The Forest of Stone by Lance Manion - HTML preview

PLEASE NOTE: This is an HTML preview only and some elements such as links or page numbers may be incorrect.
Download the book in PDF, ePub, Kindle for a complete version.

a politically incorrect childhood

It’s bad enough that the subject matter is a bit risqué but throw in that my memory is terrible, and you have all the ingredients for a very regrettable remembrance.  Would that stop any reasonable person from proceeding? Yes.

Will it stop me? No.

So I’ll just apologize in advance.

When I was a kid, we played a lot of outdoor games at recess. Looking back now, there were a few that might be considered politically incorrect.

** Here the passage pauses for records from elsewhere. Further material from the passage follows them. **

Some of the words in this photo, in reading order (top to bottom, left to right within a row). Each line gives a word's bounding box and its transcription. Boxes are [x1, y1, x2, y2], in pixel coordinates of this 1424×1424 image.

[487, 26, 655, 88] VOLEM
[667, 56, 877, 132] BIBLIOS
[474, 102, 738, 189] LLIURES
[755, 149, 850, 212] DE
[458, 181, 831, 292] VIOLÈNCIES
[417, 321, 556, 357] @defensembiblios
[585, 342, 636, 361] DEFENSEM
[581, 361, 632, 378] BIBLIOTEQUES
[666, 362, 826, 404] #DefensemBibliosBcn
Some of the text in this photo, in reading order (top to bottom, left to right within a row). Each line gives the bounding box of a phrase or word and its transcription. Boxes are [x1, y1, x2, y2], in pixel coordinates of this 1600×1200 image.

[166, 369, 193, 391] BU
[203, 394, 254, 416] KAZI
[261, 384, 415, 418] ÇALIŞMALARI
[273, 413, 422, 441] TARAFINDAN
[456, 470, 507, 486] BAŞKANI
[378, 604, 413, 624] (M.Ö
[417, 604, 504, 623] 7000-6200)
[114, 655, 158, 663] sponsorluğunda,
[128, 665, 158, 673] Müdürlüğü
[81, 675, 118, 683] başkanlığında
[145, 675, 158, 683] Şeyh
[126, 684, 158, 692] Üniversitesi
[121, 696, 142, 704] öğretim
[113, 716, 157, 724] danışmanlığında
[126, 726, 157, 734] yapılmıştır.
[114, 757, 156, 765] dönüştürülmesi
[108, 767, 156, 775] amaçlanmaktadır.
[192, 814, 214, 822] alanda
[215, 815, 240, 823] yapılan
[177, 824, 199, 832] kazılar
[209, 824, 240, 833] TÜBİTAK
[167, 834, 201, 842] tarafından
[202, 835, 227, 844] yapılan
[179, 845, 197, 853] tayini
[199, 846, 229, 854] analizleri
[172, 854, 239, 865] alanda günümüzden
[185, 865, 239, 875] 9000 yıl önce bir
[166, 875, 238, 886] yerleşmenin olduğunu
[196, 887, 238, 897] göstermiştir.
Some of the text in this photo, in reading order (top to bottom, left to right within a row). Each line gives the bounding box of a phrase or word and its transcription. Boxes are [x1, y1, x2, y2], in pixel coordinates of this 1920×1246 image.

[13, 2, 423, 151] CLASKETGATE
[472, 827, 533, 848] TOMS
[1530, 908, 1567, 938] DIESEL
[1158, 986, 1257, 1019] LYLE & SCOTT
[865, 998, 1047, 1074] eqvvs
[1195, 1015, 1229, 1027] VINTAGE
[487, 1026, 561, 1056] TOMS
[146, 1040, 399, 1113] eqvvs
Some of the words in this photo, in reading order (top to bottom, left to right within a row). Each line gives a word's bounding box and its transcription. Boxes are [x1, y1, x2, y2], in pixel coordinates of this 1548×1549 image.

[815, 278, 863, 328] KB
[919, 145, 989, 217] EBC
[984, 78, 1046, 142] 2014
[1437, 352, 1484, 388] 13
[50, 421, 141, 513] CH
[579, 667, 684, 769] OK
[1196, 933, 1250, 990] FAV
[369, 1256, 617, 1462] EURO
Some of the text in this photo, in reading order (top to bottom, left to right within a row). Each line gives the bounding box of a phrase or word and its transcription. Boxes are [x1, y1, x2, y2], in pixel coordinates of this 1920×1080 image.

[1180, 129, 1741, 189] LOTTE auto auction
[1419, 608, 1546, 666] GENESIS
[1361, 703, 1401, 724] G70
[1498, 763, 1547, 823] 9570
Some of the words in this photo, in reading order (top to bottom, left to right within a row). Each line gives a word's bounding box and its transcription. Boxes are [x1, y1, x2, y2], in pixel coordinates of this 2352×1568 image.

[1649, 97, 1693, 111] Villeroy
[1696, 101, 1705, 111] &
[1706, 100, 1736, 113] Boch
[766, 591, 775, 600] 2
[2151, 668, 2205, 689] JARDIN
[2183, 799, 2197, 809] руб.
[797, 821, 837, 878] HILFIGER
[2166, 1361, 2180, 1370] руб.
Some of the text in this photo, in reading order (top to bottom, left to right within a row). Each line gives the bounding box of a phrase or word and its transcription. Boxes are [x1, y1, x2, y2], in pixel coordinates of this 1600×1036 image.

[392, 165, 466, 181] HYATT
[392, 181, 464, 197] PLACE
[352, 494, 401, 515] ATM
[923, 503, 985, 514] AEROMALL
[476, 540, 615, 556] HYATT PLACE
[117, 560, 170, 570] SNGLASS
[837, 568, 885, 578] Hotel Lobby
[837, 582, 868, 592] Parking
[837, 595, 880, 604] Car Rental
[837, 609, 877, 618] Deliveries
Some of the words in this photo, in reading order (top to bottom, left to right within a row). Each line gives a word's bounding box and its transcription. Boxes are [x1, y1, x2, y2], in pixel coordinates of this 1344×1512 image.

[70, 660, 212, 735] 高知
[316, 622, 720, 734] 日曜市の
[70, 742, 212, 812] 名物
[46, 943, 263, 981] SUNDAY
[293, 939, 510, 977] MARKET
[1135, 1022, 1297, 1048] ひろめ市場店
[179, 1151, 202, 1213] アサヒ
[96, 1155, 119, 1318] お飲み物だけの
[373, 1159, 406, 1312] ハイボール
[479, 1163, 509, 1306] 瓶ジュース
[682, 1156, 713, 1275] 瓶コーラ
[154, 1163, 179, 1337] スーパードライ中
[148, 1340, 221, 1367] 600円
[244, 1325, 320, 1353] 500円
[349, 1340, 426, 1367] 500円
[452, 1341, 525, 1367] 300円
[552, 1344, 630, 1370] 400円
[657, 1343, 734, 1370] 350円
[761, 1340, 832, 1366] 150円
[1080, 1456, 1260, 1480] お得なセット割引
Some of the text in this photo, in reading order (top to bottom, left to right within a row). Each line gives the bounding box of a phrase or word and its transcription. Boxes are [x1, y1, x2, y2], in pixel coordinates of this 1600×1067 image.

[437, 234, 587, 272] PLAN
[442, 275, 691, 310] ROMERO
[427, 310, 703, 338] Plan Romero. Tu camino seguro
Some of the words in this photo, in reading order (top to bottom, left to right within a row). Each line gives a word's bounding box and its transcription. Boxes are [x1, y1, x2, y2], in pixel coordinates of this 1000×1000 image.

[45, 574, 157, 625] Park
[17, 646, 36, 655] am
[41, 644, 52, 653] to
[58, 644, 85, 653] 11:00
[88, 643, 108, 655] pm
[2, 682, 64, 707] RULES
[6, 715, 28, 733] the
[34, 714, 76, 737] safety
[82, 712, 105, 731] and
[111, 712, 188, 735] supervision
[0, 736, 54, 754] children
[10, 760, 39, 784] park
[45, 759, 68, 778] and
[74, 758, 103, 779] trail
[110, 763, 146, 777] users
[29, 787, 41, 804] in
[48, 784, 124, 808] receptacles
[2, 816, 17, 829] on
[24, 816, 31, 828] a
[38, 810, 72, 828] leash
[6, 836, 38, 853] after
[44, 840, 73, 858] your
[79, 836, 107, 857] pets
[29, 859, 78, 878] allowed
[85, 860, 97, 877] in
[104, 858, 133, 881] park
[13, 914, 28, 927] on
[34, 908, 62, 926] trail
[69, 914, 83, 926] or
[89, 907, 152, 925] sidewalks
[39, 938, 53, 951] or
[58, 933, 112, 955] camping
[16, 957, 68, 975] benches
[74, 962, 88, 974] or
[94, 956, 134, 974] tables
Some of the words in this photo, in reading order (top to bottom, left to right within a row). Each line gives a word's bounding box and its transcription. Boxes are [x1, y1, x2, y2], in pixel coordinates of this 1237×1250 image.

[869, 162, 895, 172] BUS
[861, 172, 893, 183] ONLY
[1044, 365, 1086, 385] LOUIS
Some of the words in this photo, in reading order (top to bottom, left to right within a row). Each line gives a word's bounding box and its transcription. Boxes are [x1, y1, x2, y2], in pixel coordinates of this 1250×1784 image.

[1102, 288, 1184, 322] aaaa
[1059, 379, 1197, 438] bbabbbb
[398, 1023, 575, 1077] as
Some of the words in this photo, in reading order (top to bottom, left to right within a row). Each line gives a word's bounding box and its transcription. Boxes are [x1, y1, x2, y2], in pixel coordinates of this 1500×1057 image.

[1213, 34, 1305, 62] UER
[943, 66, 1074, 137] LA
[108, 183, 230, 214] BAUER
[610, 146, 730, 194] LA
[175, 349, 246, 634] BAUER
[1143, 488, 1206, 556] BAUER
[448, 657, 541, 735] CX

The first was Cowboys & Indians.

I remember that nobody wanted to be an Indian because you had to mimic the shooting of a bow while the Cowboys could blaze away with their pistols without hesitation. Even as kids, we could see why Cowboys won in real life. Plus, Cowboys got to swagger around bowlegged and say “Howdy, pardner.” Of course, the Indians did get to shriek unintelligently and wave imaginary tomahawks around, so it wasn’t all bad.

But being kids, it was also a frequent point of contention that even when you got hit with an arrow, you could just say it was stuck in your leg and keep firing. You know how shifty those palefaces can be.

If that game makes you a little queasy, you might want to sit down for this one.

Smear the Queer.

I swear on all that is holy that we not only played this game, but thought nothing of it. It was a simple game. One person was designated as the Queer and then everyone else ran after them, tackled them and then piled on.

I won’t mention what we called the “pile” for fear of offending even myself. Treasured childhood memories are so difficult to hold onto these days.

To the best of my recollection, I don’t think Queer had blatant homosexual connotations. I think it just meant the odd one out or kid that was different. Actually, thinking back on it, it usually meant the biggest nerd on the playground, as I recall being the Queer far more frequently than the Smearer. What the teachers were doing as terrified youth were chased down and smeared, I don’t recall.

I was the grizzled old Queer giving advice to the younger kids about staying away from pavement, the grass provided an easier landing spot, and how to cover your vital areas once you’d been brought down like a gazelle on the Serengeti.

I do wonder how things were on the playground after Brokeback Mountain came out. I can see a lot of confused kids deciding it might just be safer to be an Indian. “Did he say partna or pardner?” I’m guessing the phrase “Miss me, miss me, now you gotta kiss me” wasn’t offered up as frequently. Cowboys throwing the game just to avoid what might lay ahead in a post-game celebration. And did this new wrinkle extend to the Indians as well? “If the teepee is a rockin’, don’t come a knockin’.”

And Smear the Queer… would kids be less likely to chase after a Queer when they find it might end up more rugged than first imagined? And that pile might get a bit awkward as well.

Throw in all of the recent civil unrest and the playground must be a very different place than when I went to grade school. I’m guessing in Cops & Robbers, it’s hard to get any Cops.

Red Light, Green Light now might be nothing more than one kid yelling “Green light” and all the other kids running until they hear him/her/they yell “Red light” at which point they all yell “Fuck tha police” and continue running.

Do they even play Duck, Duck, Goose for fear of assuming a person’s gander? During Blind Man’s Bluff, do the other kids let the blindfolded one catch them for fear of being called a sightist?

Yeah, I can see the playground being a lot more complicated for kids these days.